Inseparables, madre.



OLVIDOS


          Se han llenado de olvidos mis armarios.

         No me acuerdo de los rostros que se borran como pisadas en la arena de la playa ni de las mentiras que suenan como orgasmos fingidos.

         No me acuerdo, pero mis labios me queman y tu rostro se dibuja en el embozo de la sábana.

       No me acuerdo, pero mis entrañas se dividen a veces en un alarido sin anestesia epidural.

         No me acuerdo, pero tú y yo hemos desaparecido de nuevo  al sobrevolar el Triángulo de las Bermudas.

           No me acuerdo de los besos en la fila de los mancos no viendo a Clark Gable en "Lo que el viento se llevó".

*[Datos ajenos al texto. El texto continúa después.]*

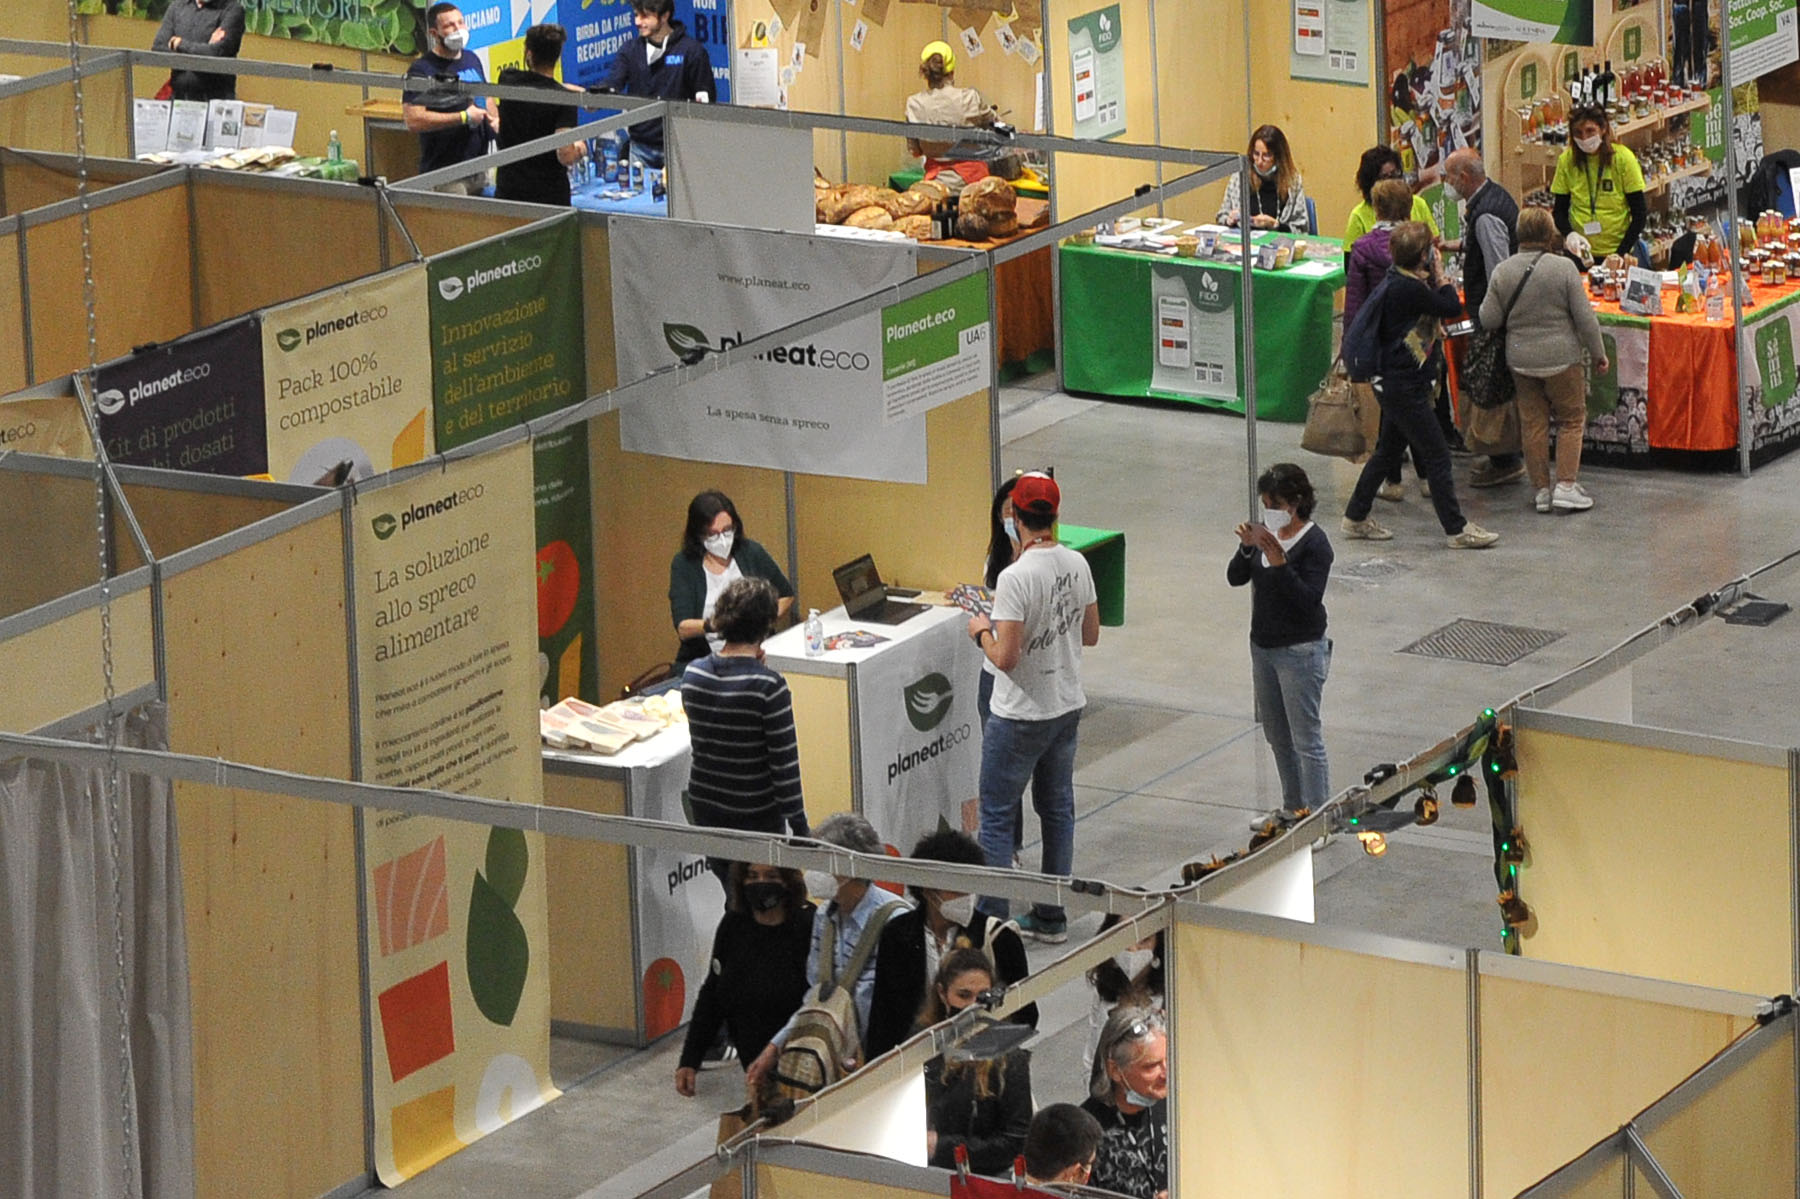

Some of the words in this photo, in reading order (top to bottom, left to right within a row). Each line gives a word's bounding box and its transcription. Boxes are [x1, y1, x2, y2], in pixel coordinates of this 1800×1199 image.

        No me acuerdo de gran cosa, así que deja de mostrarme ese antiguo contrato porque tampoco me acuerdo de cómo leerlo.

            Se han llenado de olvidos mis armarios.  

         Tengo que hacer limpieza y poner bolsitas de naftalina porque la polilla está hambrienta de recuerdos.

         
UNA HISTORIA REAL


             Mi abuela materna llevaba tres meses en silencio, fijos los ojos en el techo de la habitación, ausente de lo que la rodeaba y de sí misma. El día en el que decidió abandonar aquel cuerpo viejo y cansado floreció mi viejo tronco del Brasil. En lo alto de sus hojas nació un hermoso ramo de flores blancas, que durante muchos días esparció su perfume por la casa, desde el atardecer hasta la salida del sol, como si se hubiesen vertido litros de alguna esencia penetrante. La planta llevaba en casa más de veinte años y jamás había hecho semejante alarde, pero lo cierto - ahora lo tengo claro - es que su floración no era casual.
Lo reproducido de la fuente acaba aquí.